Sentencia de Cámara de Apelación en lo Civil y Comercial (Sala III) - Santa Fe, 7 de Mayo de 2018 (caso NUEVO BANCO DE SANTA FE S.A. c/ GALAN, CARLOS MARTIN Y OTROS s/ ORDINARIO)

Presidente:444/18
Actor:NUEVO BANCO DE SANTA FE S.A.
Demandado:GALAN, CARLOS MARTIN Y OTROS
Fecha de Resolución: 7 de Mayo de 2018
Emisor:Cámara de Apelación en lo Civil y Comercial (Sala III) - Santa Fe
 
ÍNDICE
EXTRACTO GRATUITO

NUEVO BANCO DE SANTA FE SA C/ GALAN CARLOS MARTIN Y OTROS S/ ORDINARIO

Camara Apelacion Civil y Comercial (Sala III)

En la ciudad de Santa Fe, a los 7 días del mes de Mayo del año dos mil dieciocho, se reúnen en acuerdo ordinario los señores jueces de la Sala Tercera de la Cámara de Apelación en lo Civil y Comercial, R.H.D.ónica, S.J.B. y C.E.D., para resolver los recursos de nulidad y apelación interpuestos por la demandada a fs. 237 de estos caratulados: "NUEVO BANCO DE SANTA FE SA C/ GALAN CARLOS MARTIN Y OTROS S/ ORDINARIO" (CUIJ 21-01053051-9) contra la sentencia pronunciada en fecha 22.02.2017 (fs. 236) por el Sr. Juez de Primera Instancia de Distrito n° 1 Civil y Comercial de la Décima Nominación de la ciudad de Santa Fe, habilitada la instancia de grado por la providencia del 27.04.2017 (fs. 244). Dispuesto el orden de votación en coincidencia con el de estudio de la causa, resulta: primero Dellamónica, segundo D. y tercero B..
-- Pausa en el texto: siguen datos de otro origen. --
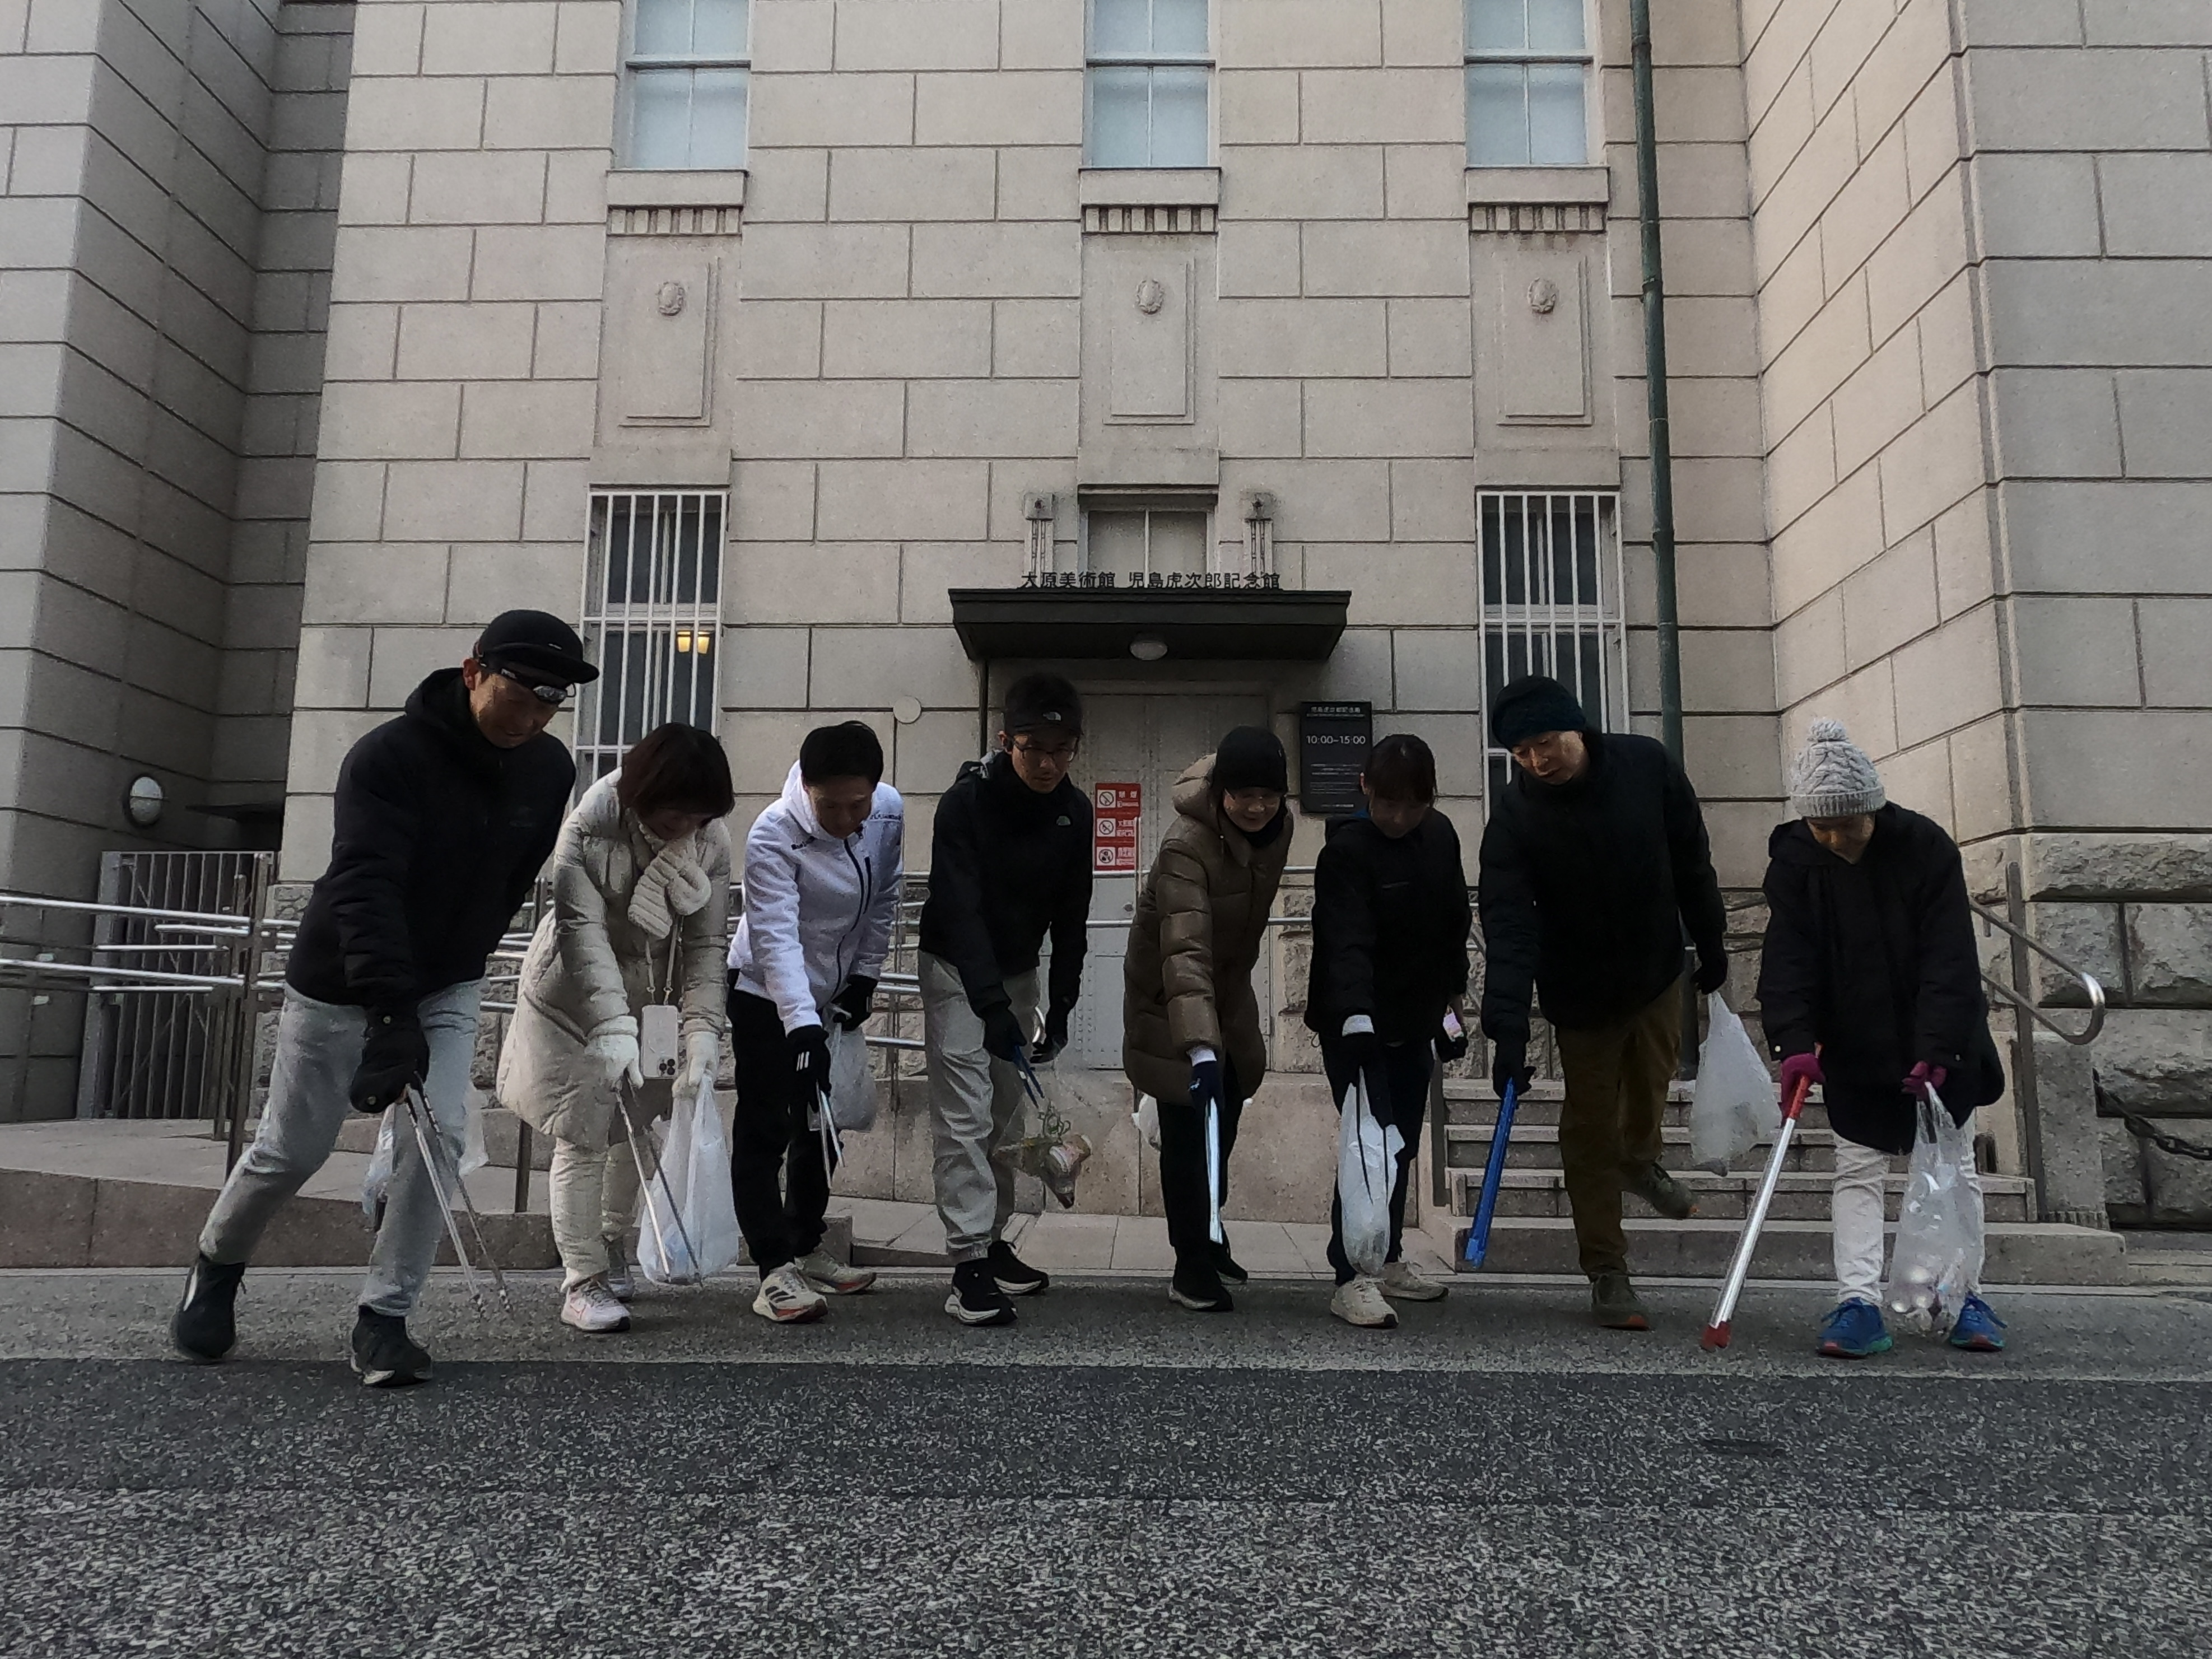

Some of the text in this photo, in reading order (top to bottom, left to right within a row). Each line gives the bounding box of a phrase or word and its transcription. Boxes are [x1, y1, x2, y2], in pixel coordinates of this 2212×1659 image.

[1021, 571, 1280, 588] 大原美術館 児島虎次郎記念館
Acto seguido el Tribunal se plantea las siguientes cuestiones:

Primera

¿Procede el recurso de nulidad?

Segunda

En caso contrario, ¿es justa la sentencia?

Tercera

¿Qué pronunciamiento corresponde dictar?

A la primera cuestión, el juez Dellamónica dice:

Que el recurrente interpuso conjuntamente con el de apelación, recurso de nulidad, y siendo que no ha formulado ningún agravio en sustento de la invalidez anunciada, corresponde declarar desierto dicho recurso (arts. 125, 361, 364, 378 y cc. del CPCC) por cuanto, además, no se advierten vicios o grave defecto que por su carácter de orden público impongan una declaración ex officio por el Tribunal. Así voto.
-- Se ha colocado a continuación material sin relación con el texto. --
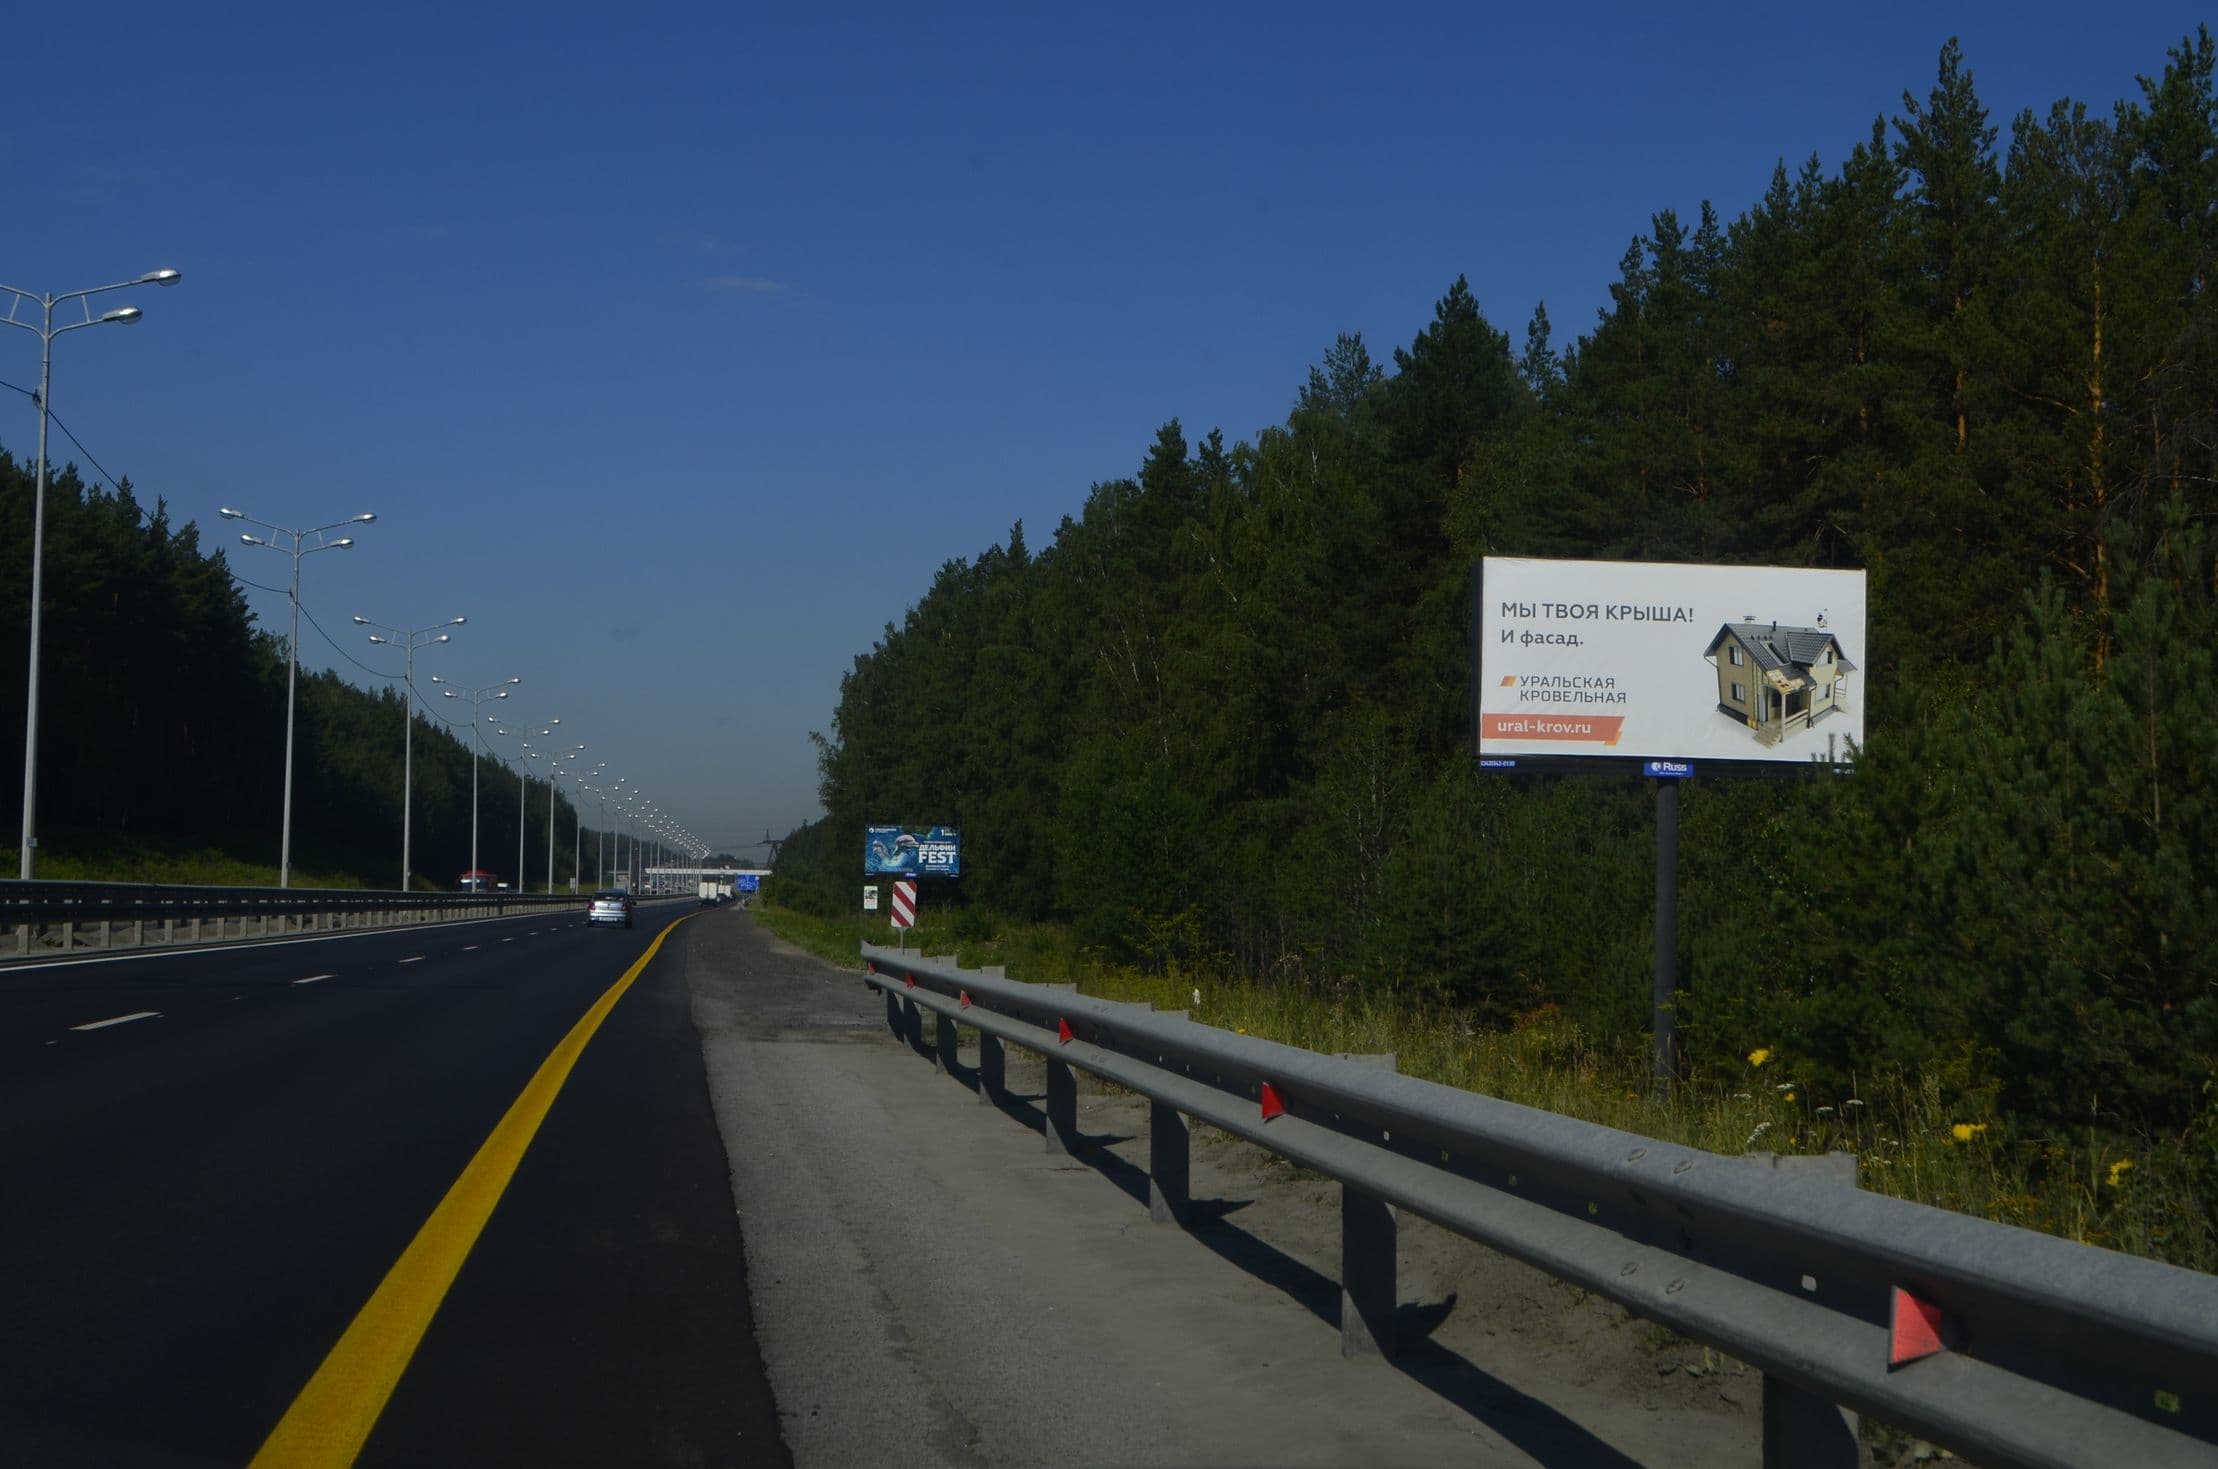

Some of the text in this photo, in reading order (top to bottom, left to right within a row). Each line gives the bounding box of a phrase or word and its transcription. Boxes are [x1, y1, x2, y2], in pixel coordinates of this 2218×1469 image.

[1501, 602, 1694, 623] МЫ ТВОЯ КРЫША!
[1501, 629, 1584, 648] И фасад.
[1519, 675, 1615, 689] УРАЛЬСКАЯ
[1519, 690, 1627, 704] КРОВЕЛЬНАЯ
[1497, 718, 1592, 735] ural-krov.ru
[1663, 762, 1687, 772] Russ
[919, 844, 956, 852] ДЕЛЬФИН
[918, 851, 957, 864] FEST
A la misma cuestión los jueces D. y Barberio expresan análogas razones a las vertidas por el juez preopinante y votan en el mismo sentido.
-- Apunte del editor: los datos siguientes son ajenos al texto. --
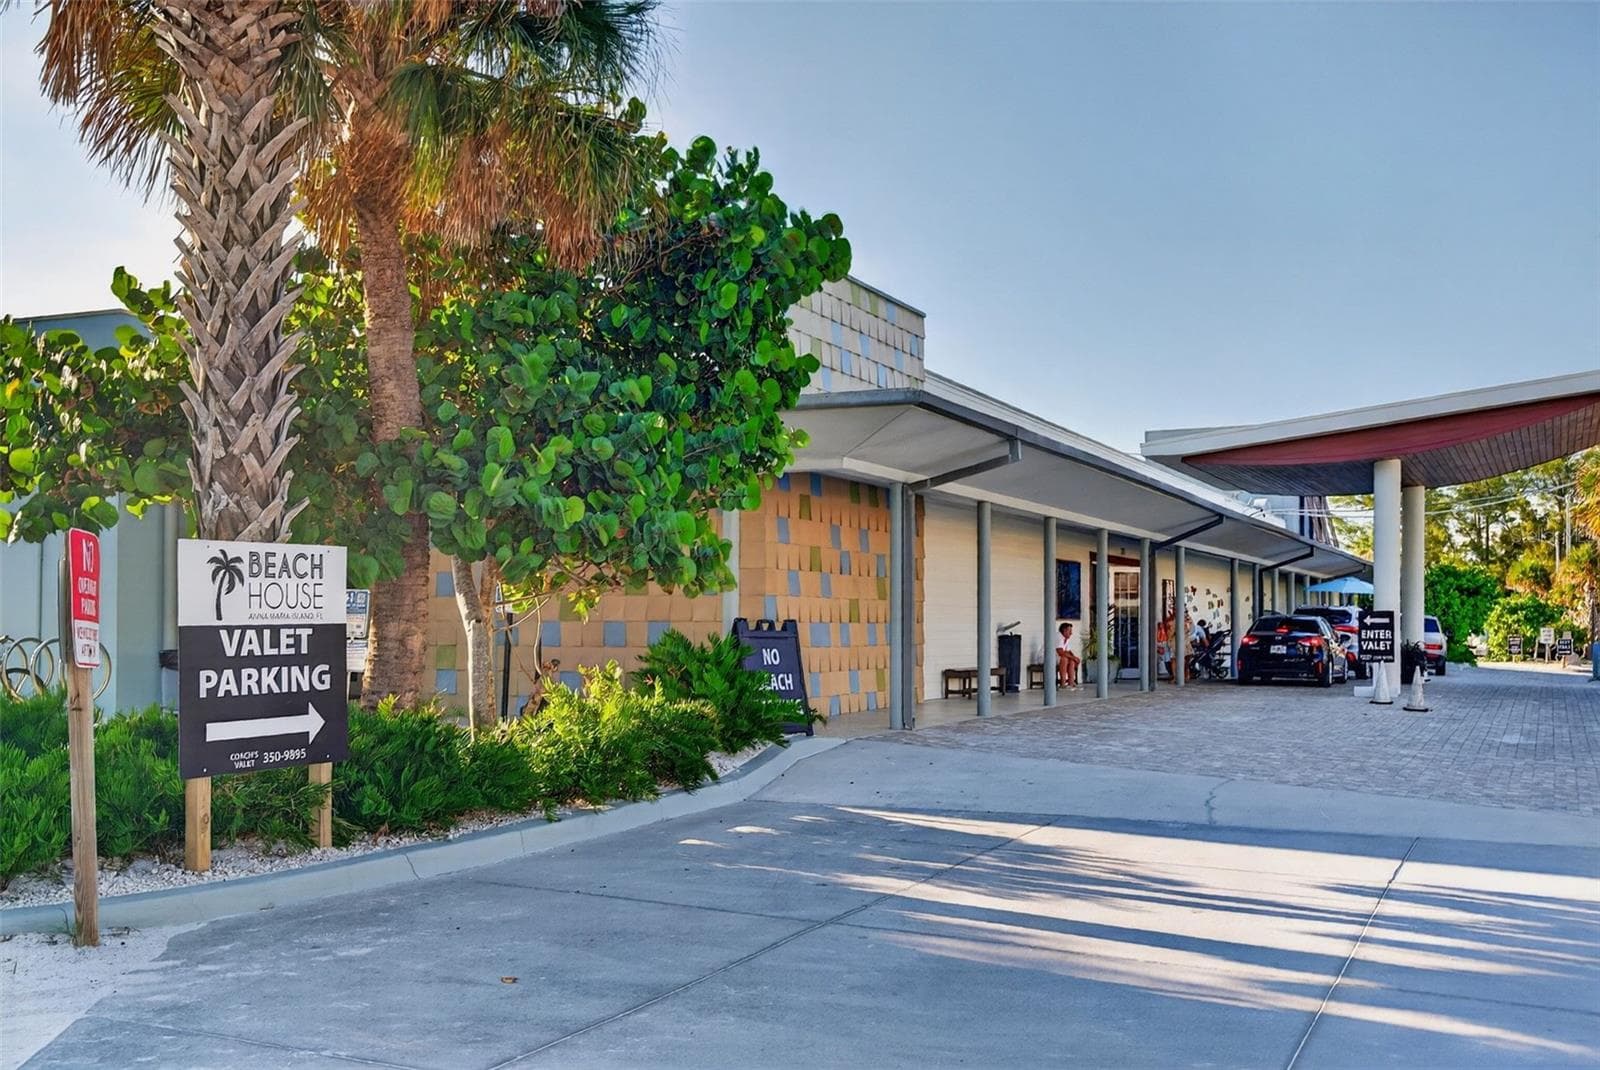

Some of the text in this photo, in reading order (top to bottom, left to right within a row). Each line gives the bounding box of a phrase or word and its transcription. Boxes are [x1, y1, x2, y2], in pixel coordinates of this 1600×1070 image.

[248, 551, 324, 579] BEACH
[248, 582, 324, 610] HOUSE
[219, 628, 313, 657] VALET
[1361, 629, 1392, 639] ENTER
[1361, 641, 1392, 650] VALET
[762, 648, 780, 666] NO
[199, 664, 331, 698] PARKING
[234, 760, 255, 769] VALET
[262, 749, 306, 763] 350-9895
A la segunda cuestión, el juez Dellamónica dice:

  1. - Que la sentencia dictada en autos hizo lugar a la demanda instaurada, con imposición de costas a los vencidos. Para así decidirlo, el a quo señaló que en la presente causa el Nuevo Banco de Santa Fe S.A. interpuso demanda contra don C.M.ín Galán, doña María L.G.án y don Lucas Miguel Galán, en procura del cobro de la suma de $250.117,61 más intereses, en concepto de saldo del préstamo otorgado por la actora a la firma Productora Alimentaria S.A. en fecha 12.05.2010 y de saldo deudor de la cuenta corriente oportunamente abierta a nombre de la misma sociedad, y que fuera cerrada en fecha 27.05.2011 (por $39.874,23 y $210.243,38, respectivamente), sobre las bases de las fianzas globales otorgadas por los demandados en fechas 22.09.2006 y 07.05.2004 (fs. 41); y que al contestar la demanda los accionados negaron las fianzas y las deudas invocadas por el banco actor, peticionando en definitiva el rechazo de aquellas (fs. 159/160).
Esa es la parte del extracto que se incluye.